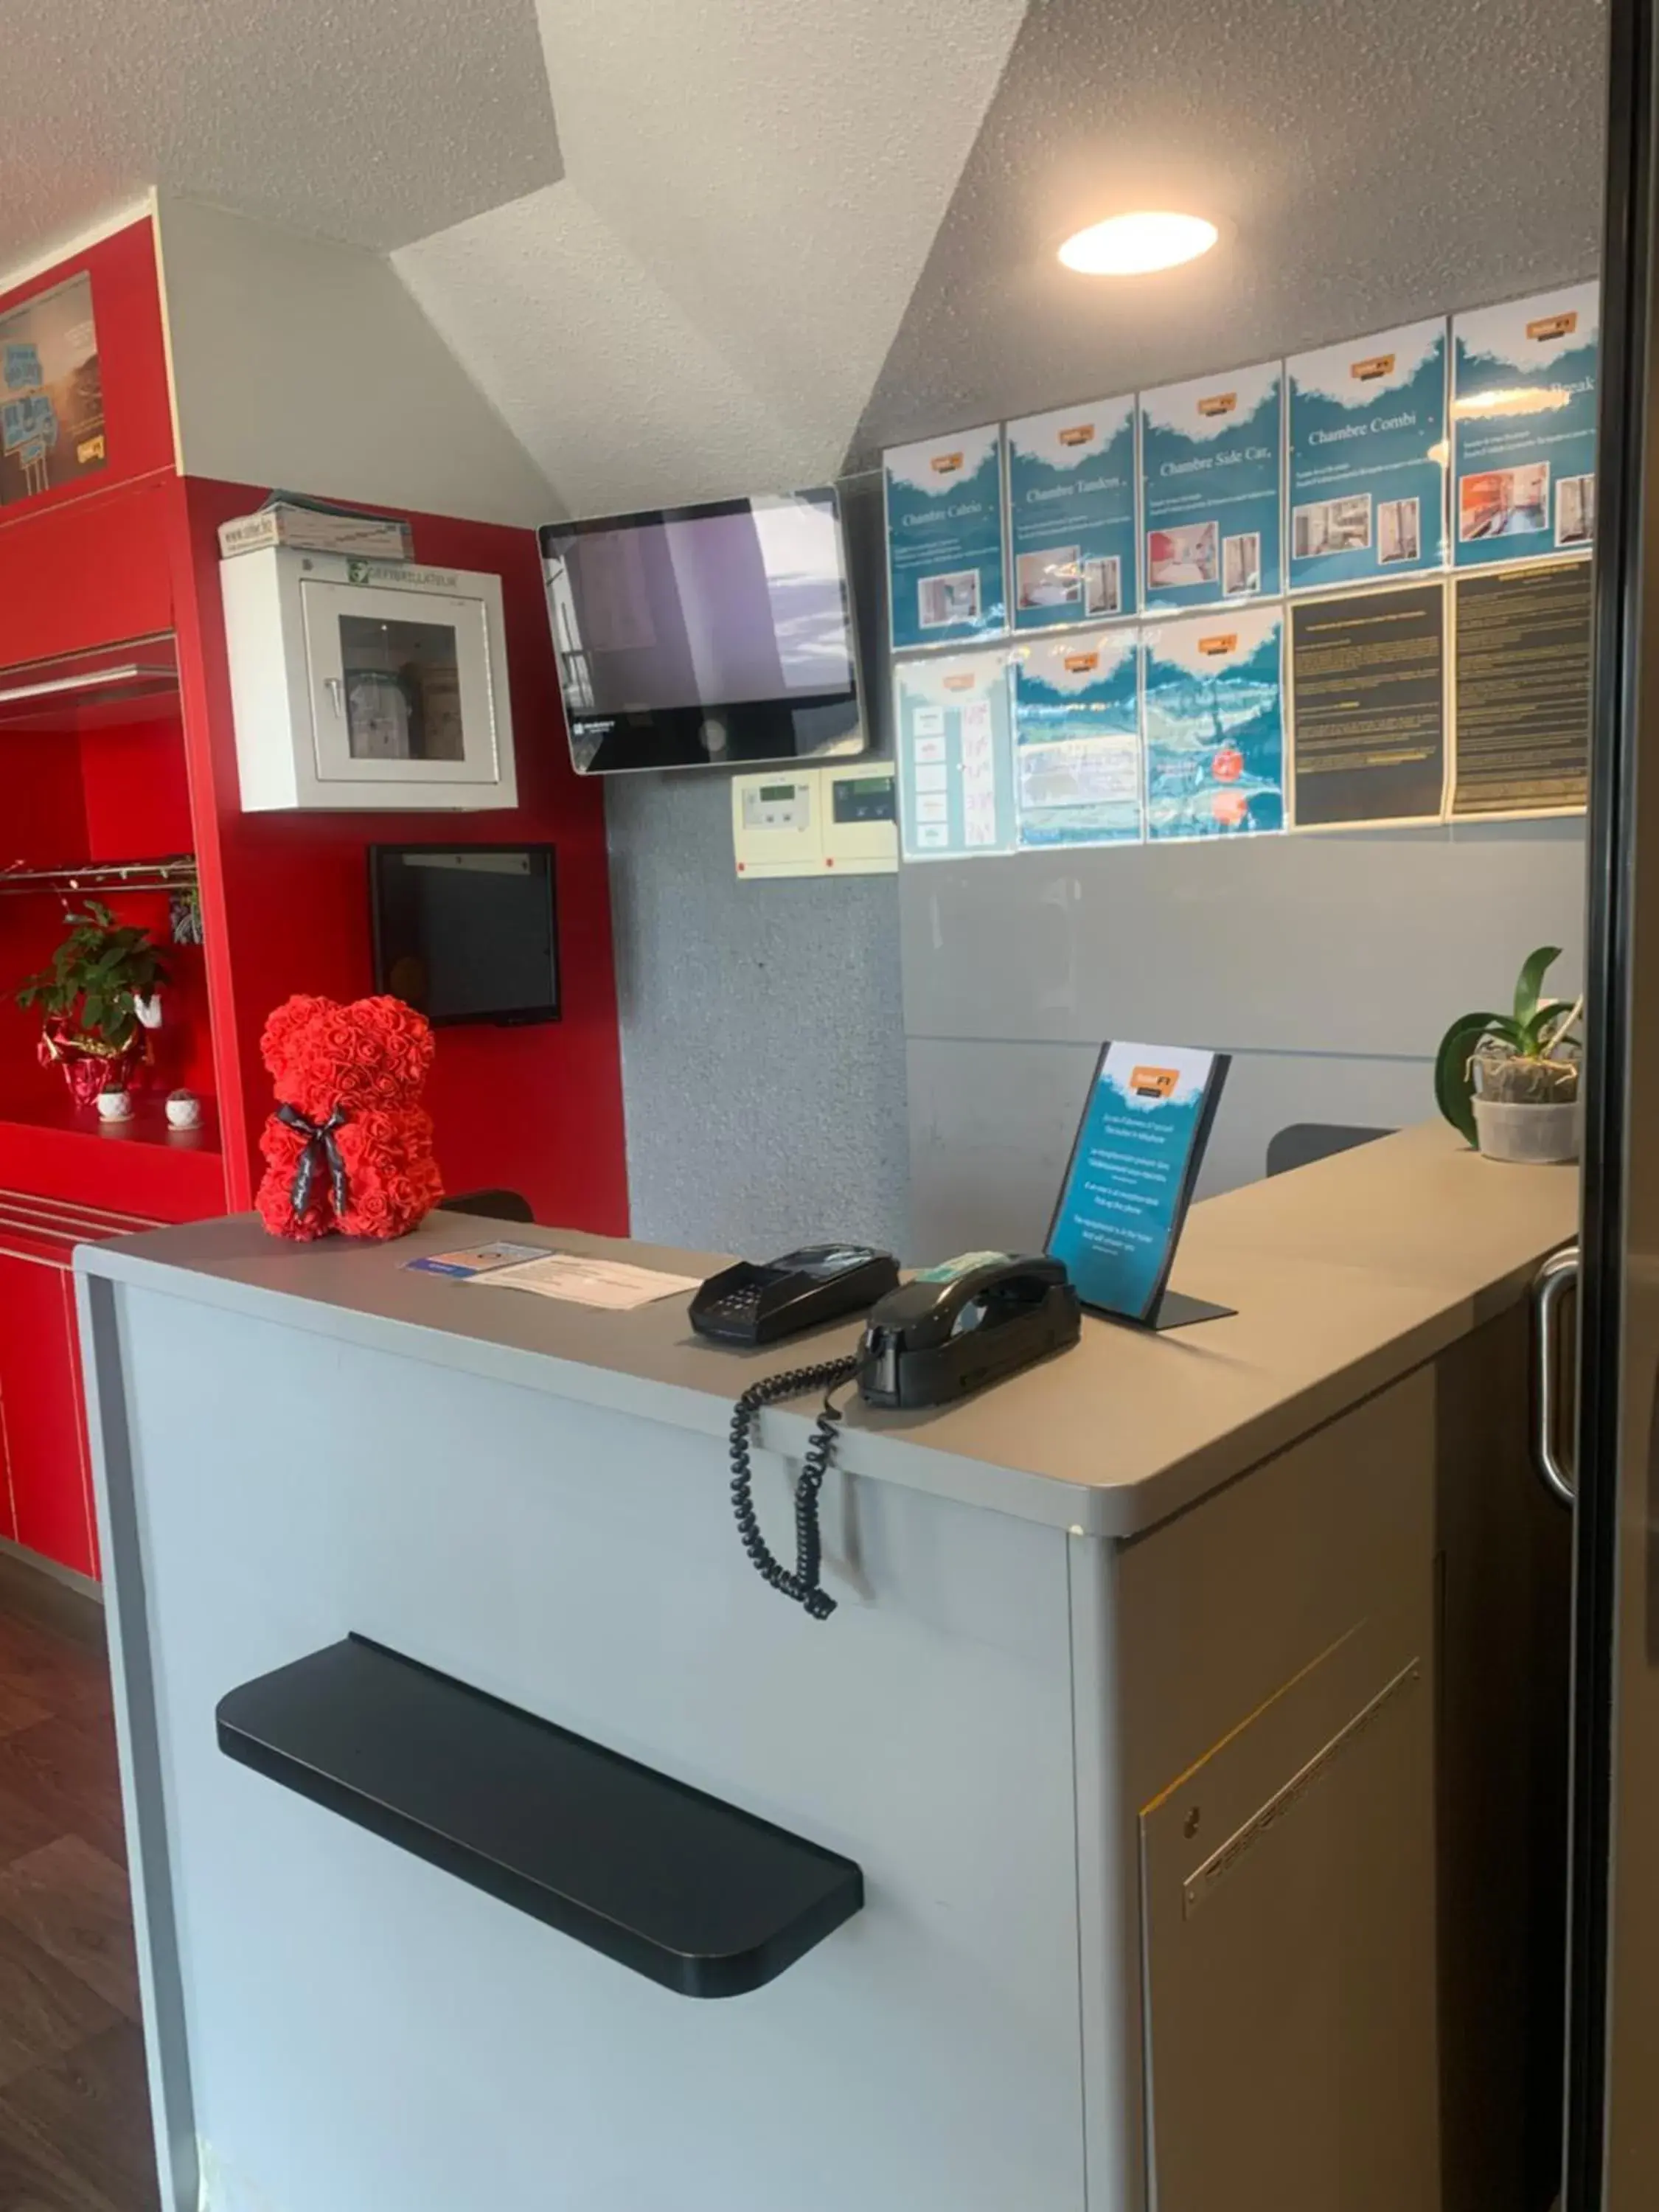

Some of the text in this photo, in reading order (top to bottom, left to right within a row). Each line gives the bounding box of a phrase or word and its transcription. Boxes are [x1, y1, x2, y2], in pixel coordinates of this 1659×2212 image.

[1307, 409, 1418, 447] Chambre Combi
[1159, 456, 1214, 478] Chambre
[1214, 450, 1243, 467] Side
[1026, 475, 1120, 504] Chambre Tandem
[901, 509, 947, 527] Chambre

** Your assignment **
Restate each entry verbatim and skip every image.

** Answer space **
Some of the text in this photo, in reading order (top to bottom, left to right within a row). Each line gives the bounding box of a phrase or word and its transcription. Boxes are [x1, y1, x2, y2], in pixel coordinates of this 1659×2212 image.

[1307, 409, 1418, 447] Chambre Combi
[1159, 456, 1214, 478] Chambre
[1214, 450, 1243, 467] Side
[1026, 475, 1120, 504] Chambre Tandem
[901, 509, 947, 527] Chambre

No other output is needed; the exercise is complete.